[WORK REQUIRED]: Output every entry below word for word, minus the images.

(Beginning of SUPPLIED ENTRIES)

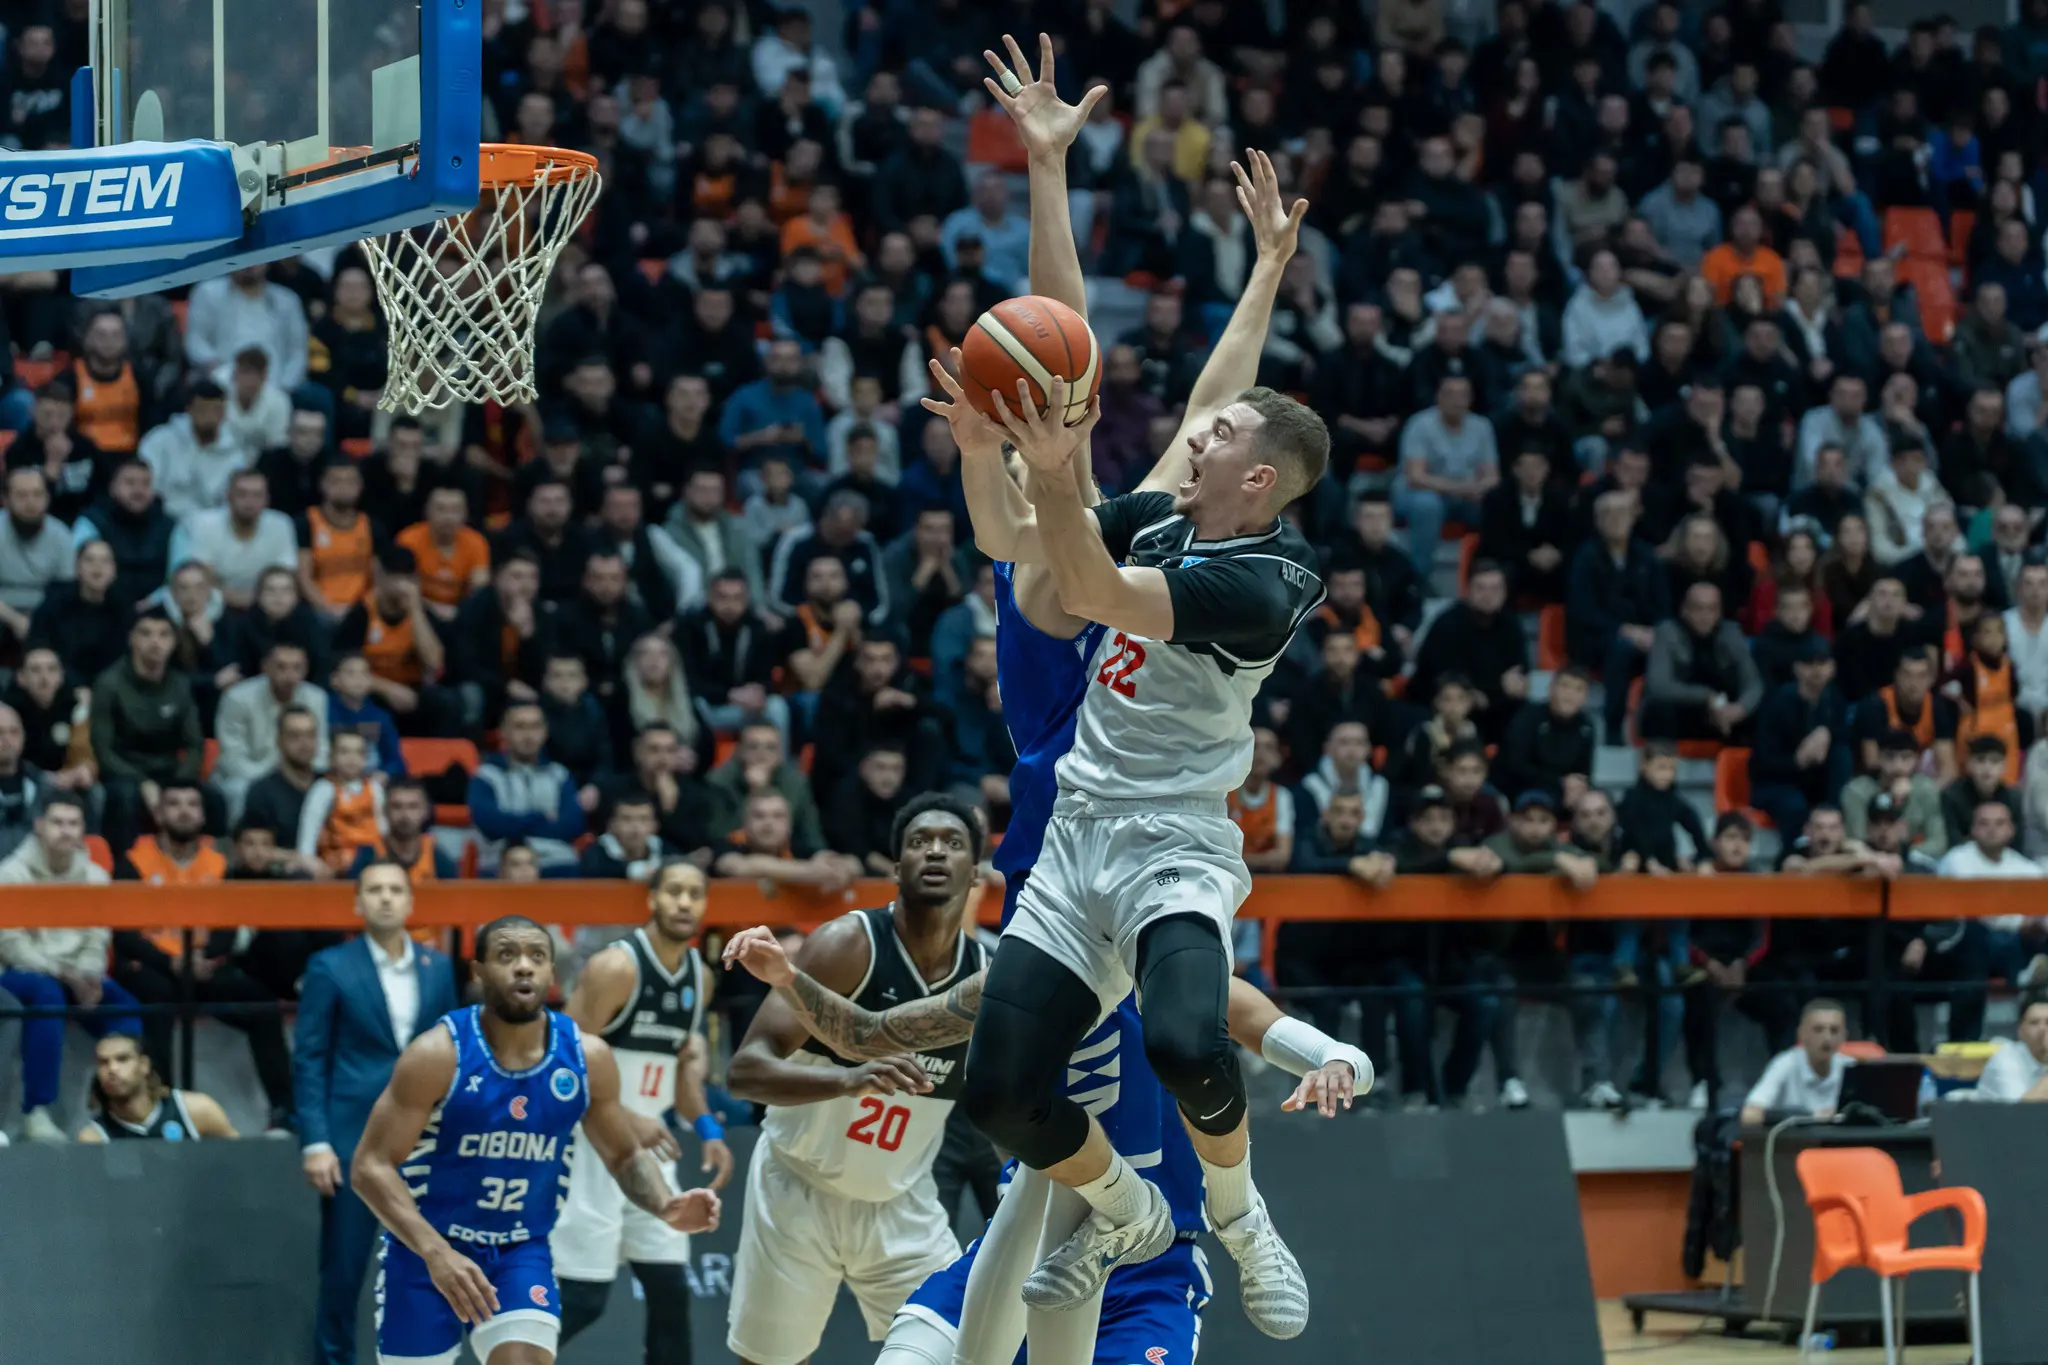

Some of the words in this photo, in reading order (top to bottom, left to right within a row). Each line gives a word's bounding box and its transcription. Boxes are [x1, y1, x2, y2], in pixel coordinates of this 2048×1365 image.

[1096, 631, 1147, 699] 22
[640, 1061, 663, 1097] 11
[846, 1096, 911, 1152] 20
[457, 1130, 558, 1162] CIBONA
[476, 1176, 529, 1212] 32
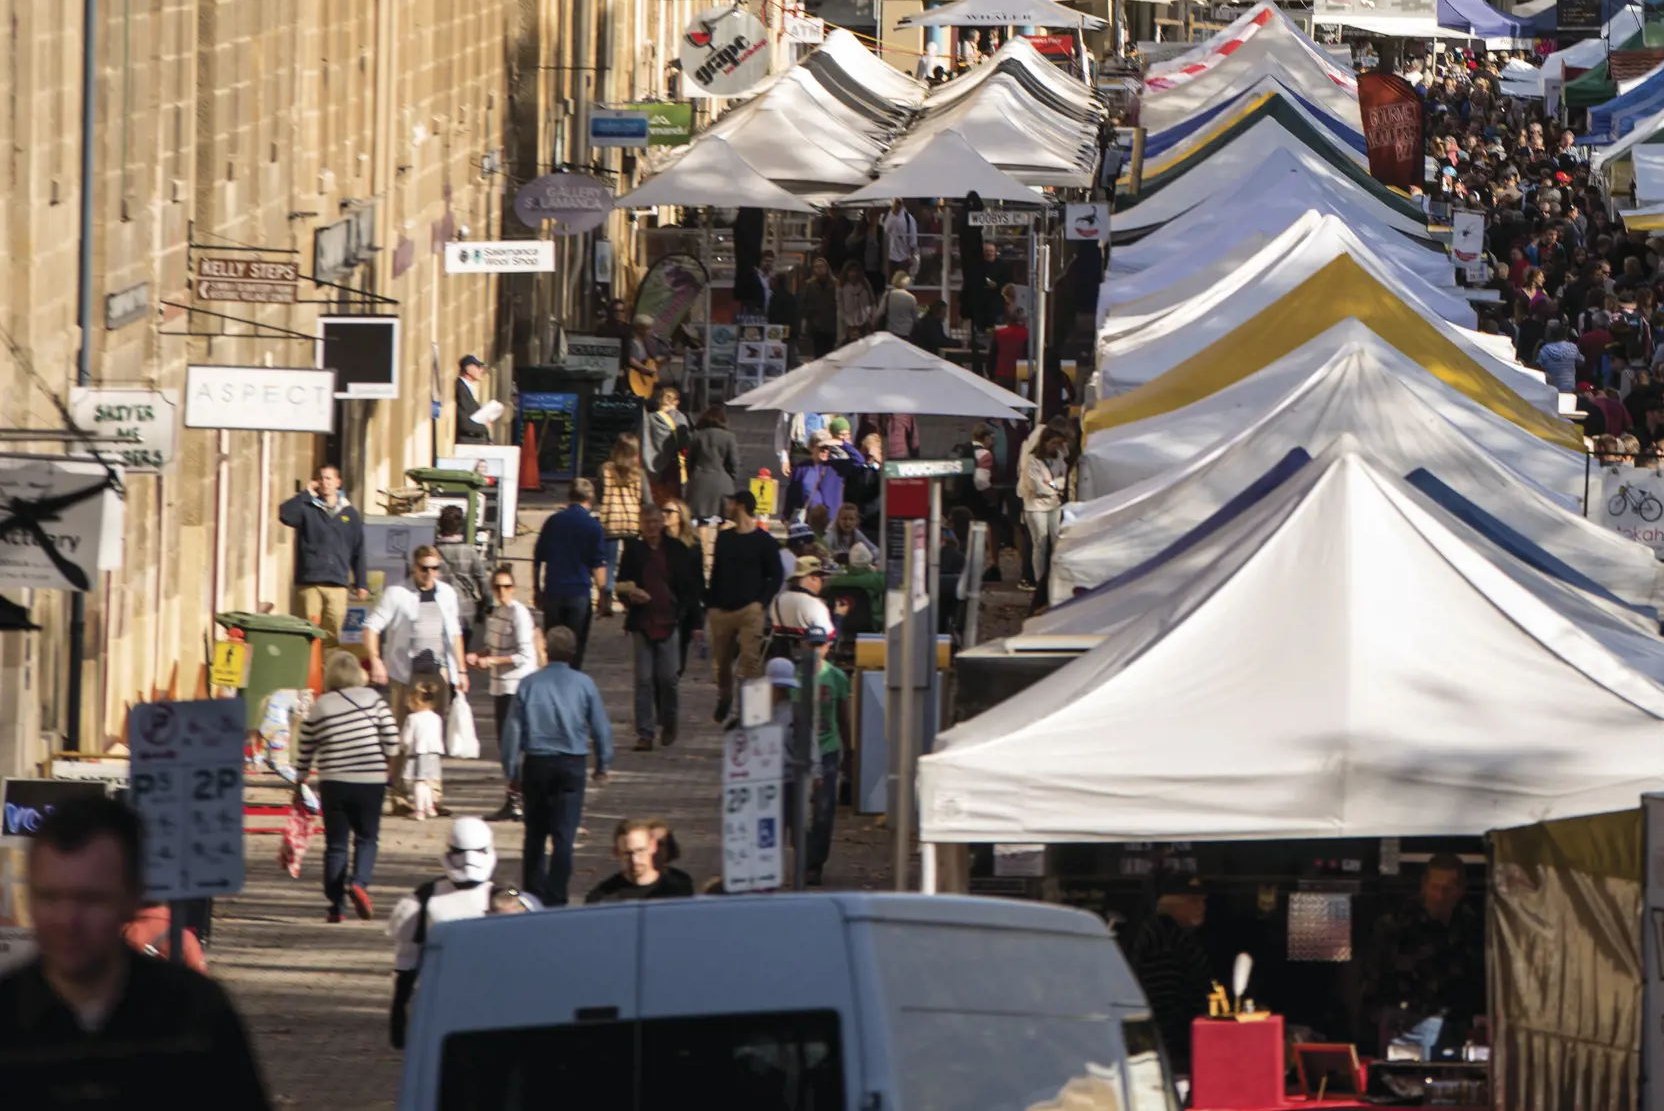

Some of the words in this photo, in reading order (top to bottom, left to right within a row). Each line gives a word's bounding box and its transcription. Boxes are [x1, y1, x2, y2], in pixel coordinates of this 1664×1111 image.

[966, 13, 1034, 21] WHALER
[695, 35, 750, 86] grape
[1370, 104, 1418, 128] GOURMET
[546, 187, 600, 197] GALLERY
[524, 197, 602, 210] SALAMANCA
[484, 248, 538, 256] Salamanca
[484, 256, 509, 265] Wool
[513, 256, 538, 266] Shop
[201, 260, 246, 277] KELLY
[249, 263, 296, 281] STEPS
[195, 382, 325, 406] ASPECT
[94, 404, 155, 423] SHIVER
[117, 425, 138, 438] ME
[193, 768, 239, 802] 2P

(End of SUPPLIED ENTRIES)

[SOLUTION FOR THIS EXERCISE]:
Some of the words in this photo, in reading order (top to bottom, left to right within a row). Each line gives a word's bounding box and its transcription. Boxes are [x1, y1, x2, y2], in pixel coordinates of this 2048×1365 image.

[1096, 631, 1147, 699] 22
[640, 1061, 663, 1097] 11
[846, 1096, 911, 1152] 20
[457, 1130, 558, 1162] CIBONA
[476, 1176, 529, 1212] 32

Some of the words in this photo, in reading order (top to bottom, left to right within a row). Each line gives a word's bounding box and its transcription. Boxes are [x1, y1, x2, y2], in pixel coordinates of this 1664×1111 image.

[966, 13, 1034, 21] WHALER
[695, 35, 750, 86] grape
[1370, 104, 1418, 128] GOURMET
[546, 187, 600, 197] GALLERY
[524, 197, 602, 210] SALAMANCA
[484, 248, 538, 256] Salamanca
[484, 256, 509, 265] Wool
[513, 256, 538, 266] Shop
[201, 260, 246, 277] KELLY
[249, 263, 296, 281] STEPS
[195, 382, 325, 406] ASPECT
[94, 404, 155, 423] SHIVER
[117, 425, 138, 438] ME
[193, 768, 239, 802] 2P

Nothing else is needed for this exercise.